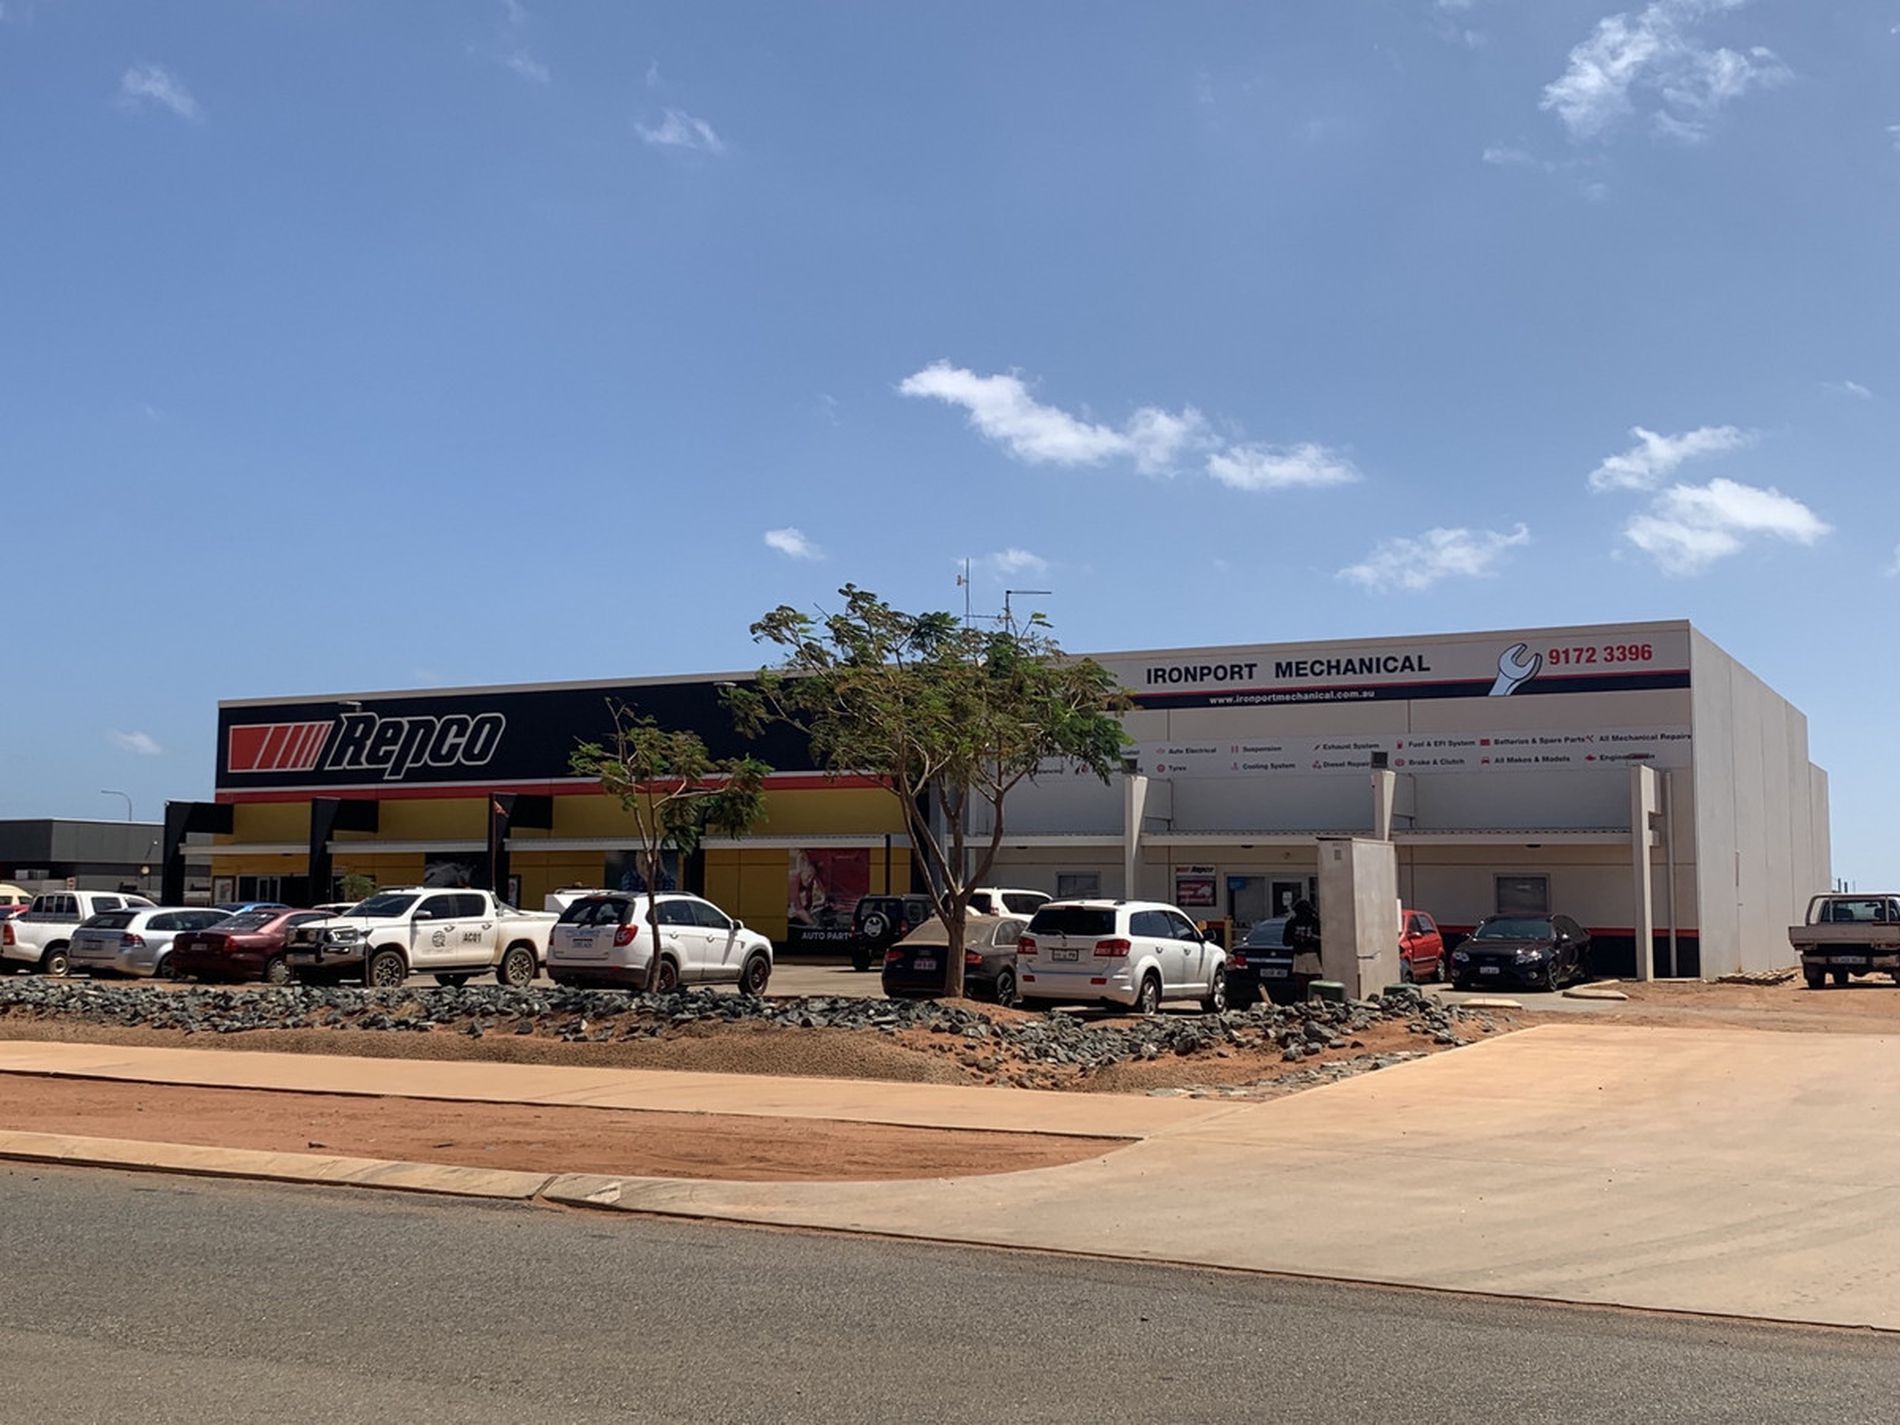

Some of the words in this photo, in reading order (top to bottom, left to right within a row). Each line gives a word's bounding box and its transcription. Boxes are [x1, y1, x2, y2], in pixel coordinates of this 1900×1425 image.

[1549, 647, 1597, 665] 9172
[1603, 644, 1653, 662] 3396
[1146, 663, 1258, 685] IRONPORT
[1274, 655, 1431, 679] MECHANICAL
[1209, 689, 1375, 704] www.ironportmechanical.com.au
[1493, 738, 1529, 746] Batteries
[1539, 737, 1563, 746] Spare
[1564, 736, 1585, 744] Parts
[1611, 734, 1659, 743] Mechanical
[1659, 732, 1692, 742] Repairs
[324, 712, 506, 779] Repco
[1322, 743, 1352, 751] Exhaust
[1353, 742, 1380, 752] System
[1408, 741, 1425, 749] Fuel
[1426, 740, 1433, 748] &
[1448, 739, 1476, 749] System
[1168, 747, 1186, 755] Auto
[1187, 746, 1217, 754] Electrical
[1242, 746, 1283, 755] Suspension
[1322, 760, 1346, 769] Diesel
[1408, 759, 1431, 767] Brake
[1440, 757, 1465, 766] Clutch
[1507, 756, 1533, 764] Makes
[1534, 755, 1540, 763] &
[1541, 755, 1571, 763] Models
[1168, 764, 1187, 772] Tyres
[1242, 762, 1268, 771] Cooling
[1269, 761, 1296, 771] System
[801, 931, 825, 941] AUTO

..........

WHAT THE EXERCISE ASKS: Reproduce the records above word for word, without the images.

RESPONSE BOX:
Some of the words in this photo, in reading order (top to bottom, left to right within a row). Each line gives a word's bounding box and its transcription. Boxes are [x1, y1, x2, y2], in pixel coordinates of this 1900×1425 image.

[1549, 647, 1597, 665] 9172
[1603, 644, 1653, 662] 3396
[1146, 663, 1258, 685] IRONPORT
[1274, 655, 1431, 679] MECHANICAL
[1209, 689, 1375, 704] www.ironportmechanical.com.au
[1493, 738, 1529, 746] Batteries
[1539, 737, 1563, 746] Spare
[1564, 736, 1585, 744] Parts
[1611, 734, 1659, 743] Mechanical
[1659, 732, 1692, 742] Repairs
[324, 712, 506, 779] Repco
[1322, 743, 1352, 751] Exhaust
[1353, 742, 1380, 752] System
[1408, 741, 1425, 749] Fuel
[1426, 740, 1433, 748] &
[1448, 739, 1476, 749] System
[1168, 747, 1186, 755] Auto
[1187, 746, 1217, 754] Electrical
[1242, 746, 1283, 755] Suspension
[1322, 760, 1346, 769] Diesel
[1408, 759, 1431, 767] Brake
[1440, 757, 1465, 766] Clutch
[1507, 756, 1533, 764] Makes
[1534, 755, 1540, 763] &
[1541, 755, 1571, 763] Models
[1168, 764, 1187, 772] Tyres
[1242, 762, 1268, 771] Cooling
[1269, 761, 1296, 771] System
[801, 931, 825, 941] AUTO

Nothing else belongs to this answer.